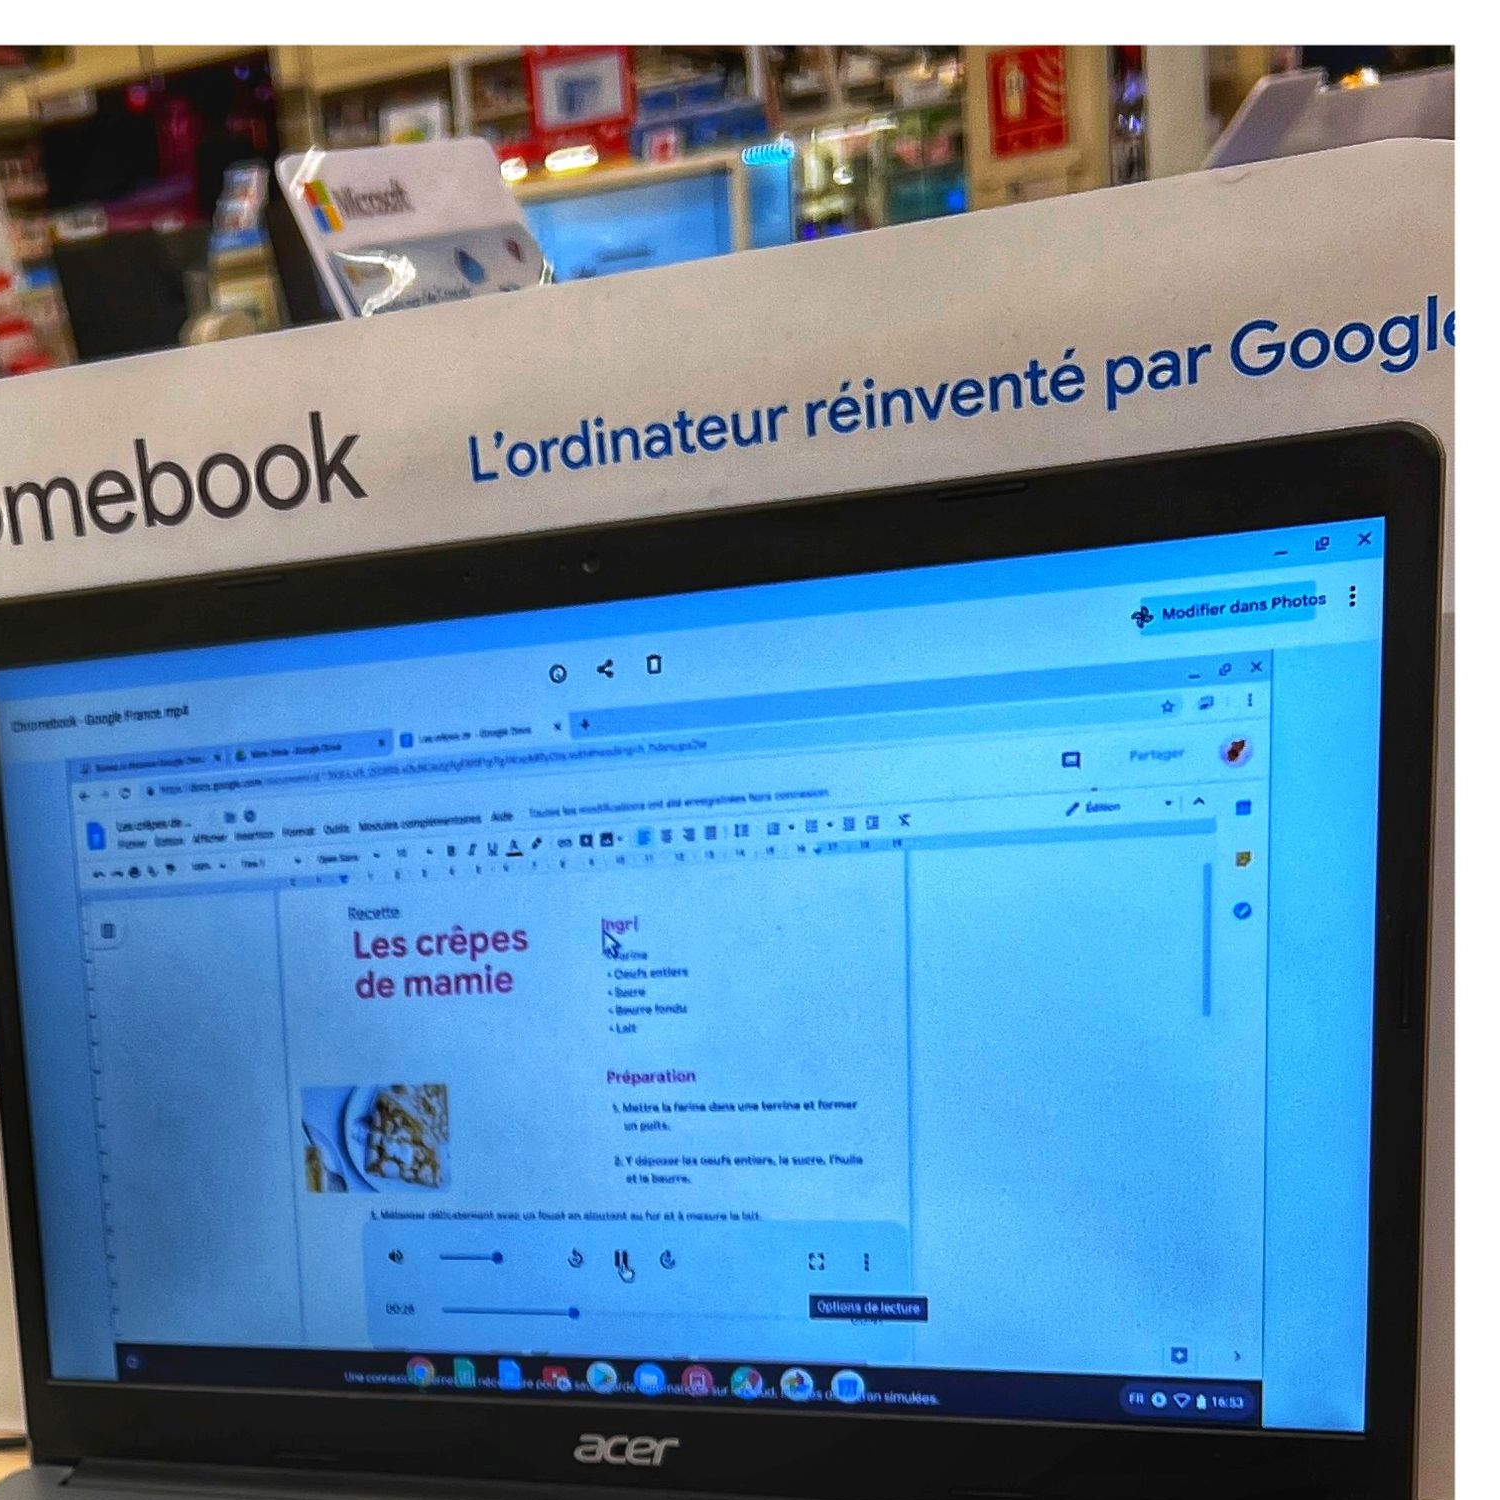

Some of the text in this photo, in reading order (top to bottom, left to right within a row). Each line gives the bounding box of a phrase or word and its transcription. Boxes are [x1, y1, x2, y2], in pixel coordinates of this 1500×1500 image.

[468, 295, 1456, 485] L'ordinateur réinventé par Googl
[1160, 591, 1328, 622] Modifier dans Photos
[1128, 744, 1185, 764] Partager
[347, 906, 400, 922] Recette
[352, 925, 529, 961] Les crêpes
[355, 964, 514, 1000] de mamie
[614, 987, 646, 998] Sucre
[615, 1005, 652, 1017] Beurre
[616, 1023, 637, 1035] Lait
[606, 1069, 697, 1088] Préparation
[622, 1103, 659, 1114] Mettre
[708, 1101, 735, 1112] dans
[738, 1103, 759, 1112] une
[803, 1101, 816, 1112] et
[817, 1099, 858, 1111] former
[623, 1121, 637, 1132] un
[816, 1299, 921, 1317] Options de lecture
[1128, 1392, 1244, 1410] FR 16:53
[573, 1432, 681, 1467] acer
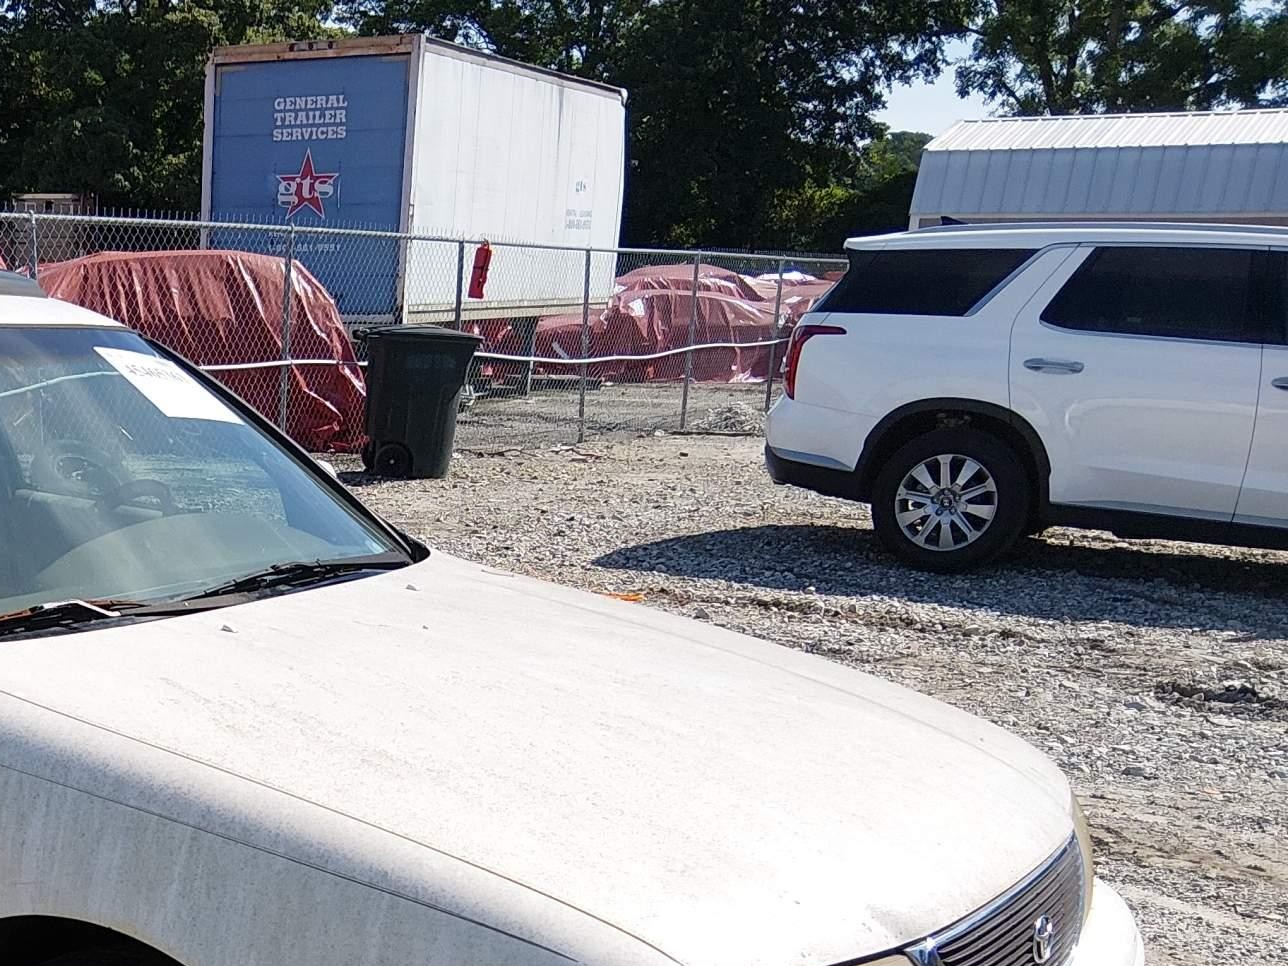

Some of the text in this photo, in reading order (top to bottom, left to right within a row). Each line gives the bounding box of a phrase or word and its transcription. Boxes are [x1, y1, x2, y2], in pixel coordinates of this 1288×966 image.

[274, 94, 348, 110] GENERAL
[274, 109, 347, 126] TRAILER
[272, 126, 347, 142] SERVICES
[277, 174, 334, 208] gts
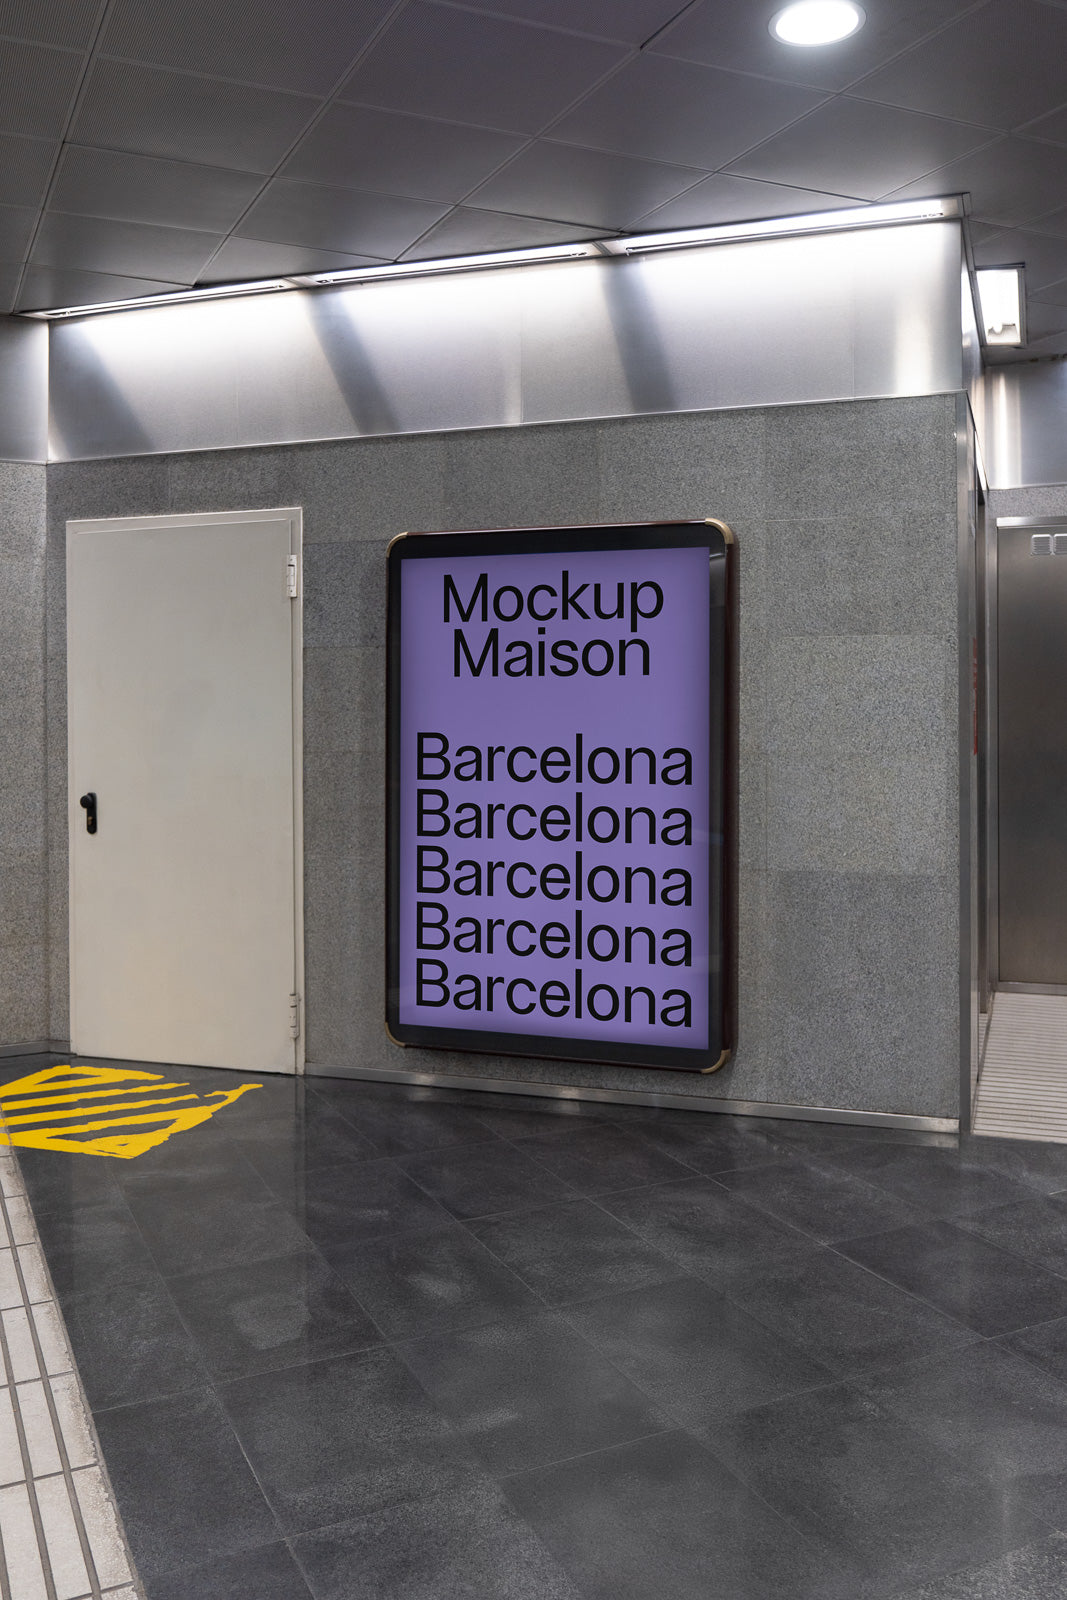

===

A complete and exact copy of the records is required. Exclude the pictures.

## OUTPUT OF THE EXERCISE
Some of the text in this photo, in reading order (top to bottom, left to right within a row). Each line gives the bounding box of a phrase or word and its transcription. Boxes are [x1, y1, x2, y2], in pixel coordinates of this 1500×1500 image.

[468, 295, 1456, 485] L'ordinateur réinventé par Googl
[1160, 591, 1328, 622] Modifier dans Photos
[1128, 744, 1185, 764] Partager
[347, 906, 400, 922] Recette
[352, 925, 529, 961] Les crêpes
[355, 964, 514, 1000] de mamie
[614, 987, 646, 998] Sucre
[615, 1005, 652, 1017] Beurre
[616, 1023, 637, 1035] Lait
[606, 1069, 697, 1088] Préparation
[622, 1103, 659, 1114] Mettre
[708, 1101, 735, 1112] dans
[738, 1103, 759, 1112] une
[803, 1101, 816, 1112] et
[817, 1099, 858, 1111] former
[623, 1121, 637, 1132] un
[816, 1299, 921, 1317] Options de lecture
[1128, 1392, 1244, 1410] FR 16:53
[573, 1432, 681, 1467] acer

Some of the text in this photo, in reading order (top to bottom, left to right within a row). Each line gives the bounding box of a phrase or word and its transcription. Boxes are [x1, y1, x2, y2], in pixel coordinates of this 1288×966 image.

[274, 94, 348, 110] GENERAL
[274, 109, 347, 126] TRAILER
[272, 126, 347, 142] SERVICES
[277, 174, 334, 208] gts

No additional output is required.